■ WORK ORDER
Copy every entry as is. Leave images out.

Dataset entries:
== Segment start ==

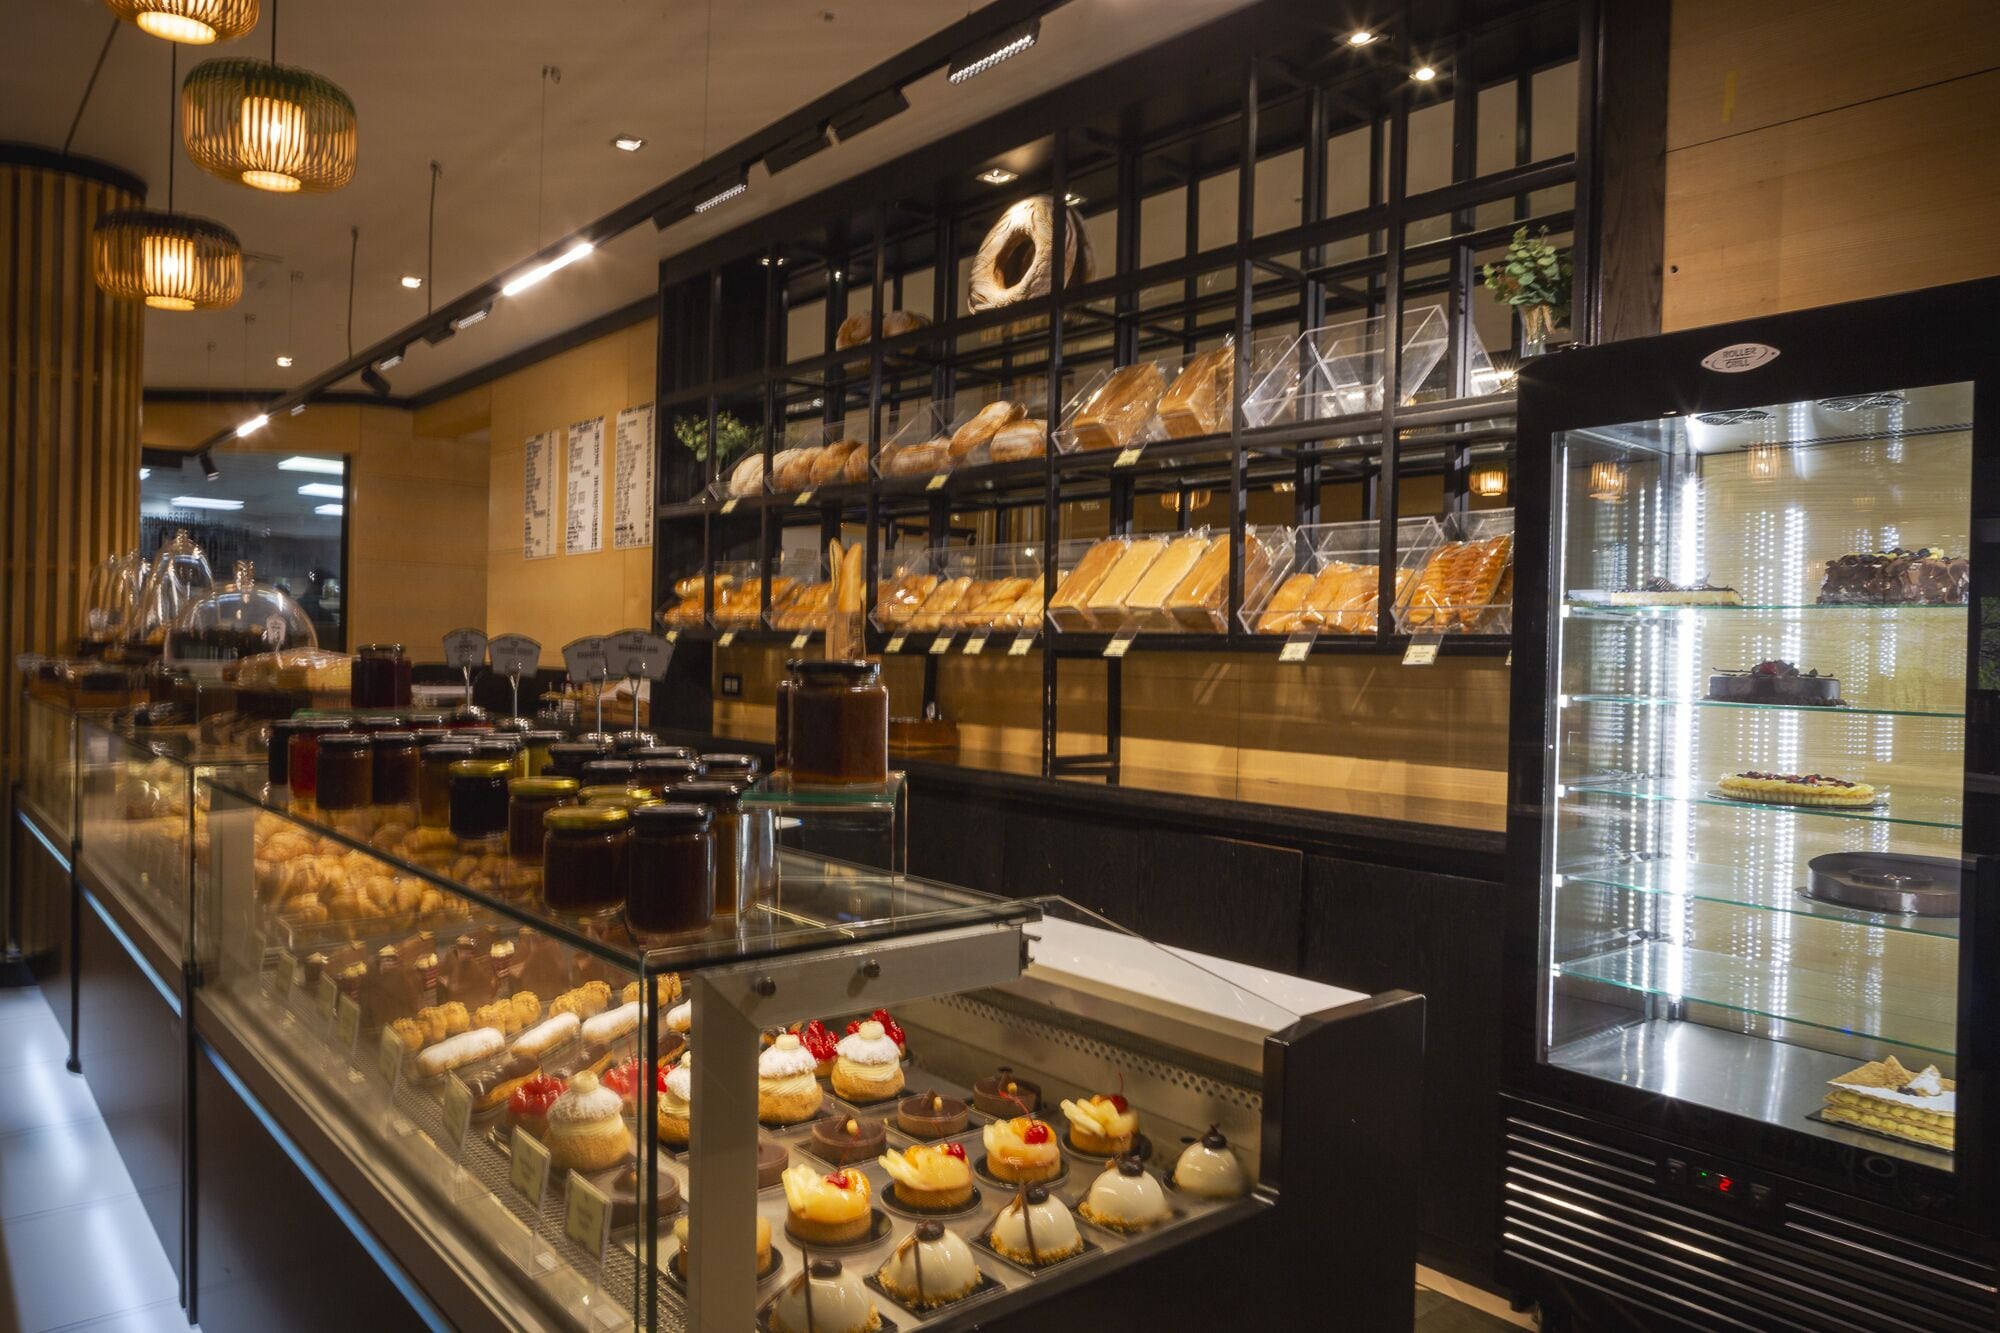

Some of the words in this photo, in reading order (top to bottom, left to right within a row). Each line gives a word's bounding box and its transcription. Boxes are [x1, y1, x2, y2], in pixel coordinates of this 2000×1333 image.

[1722, 347, 1757, 358] ROLLER
[1724, 359, 1750, 369] GRILL
[1719, 1177, 1734, 1192] 2
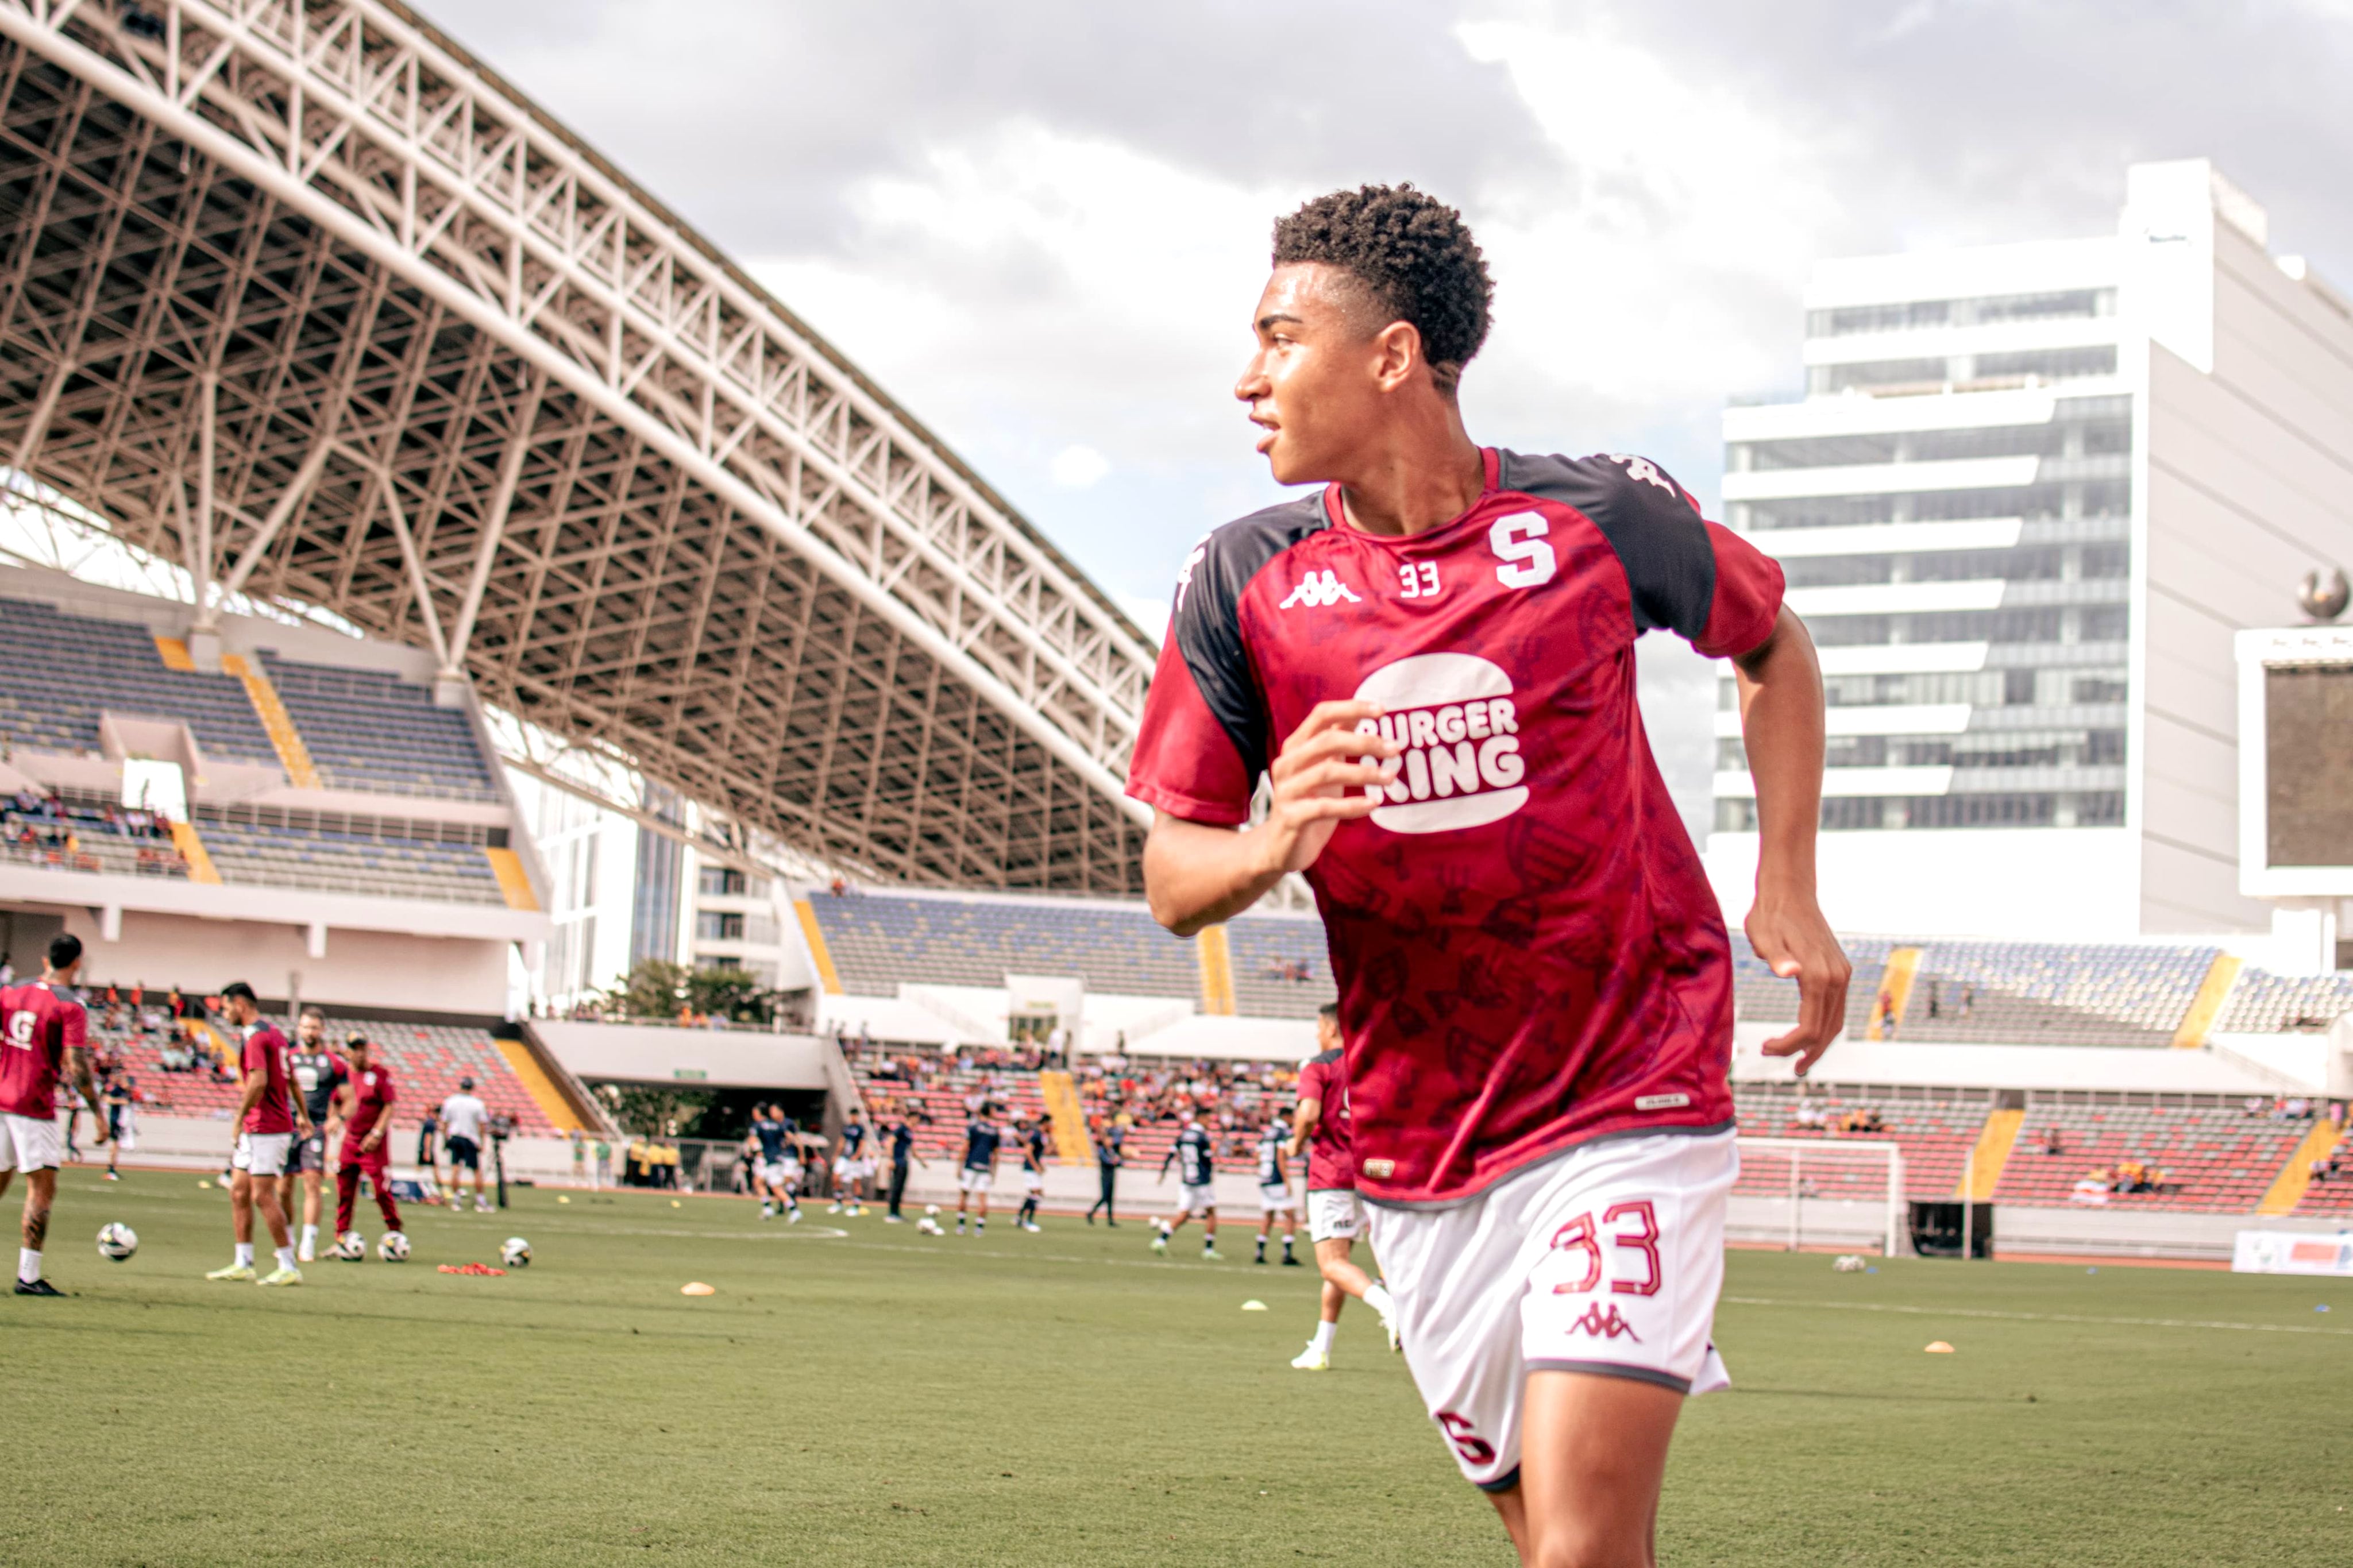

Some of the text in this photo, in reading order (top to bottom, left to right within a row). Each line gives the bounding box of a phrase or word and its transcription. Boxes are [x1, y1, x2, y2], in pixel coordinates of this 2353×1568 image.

== Segment end ==

■ SOLUTION BELOW
Some of the words in this photo, in reading order (top to bottom, left to right within a row). Each line gives a word's bounding box and its transcription. Boxes are [x1, y1, x2, y2], in pixel coordinates of this 2000×1333 image.

[1722, 347, 1757, 358] ROLLER
[1724, 359, 1750, 369] GRILL
[1719, 1177, 1734, 1192] 2

Some of the text in this photo, in reading order (top to bottom, left to right within a row). Each line gives the bounding box of a phrase or word and its transcription. Boxes are [x1, y1, x2, y2], in pixel coordinates of this 2353×1568 image.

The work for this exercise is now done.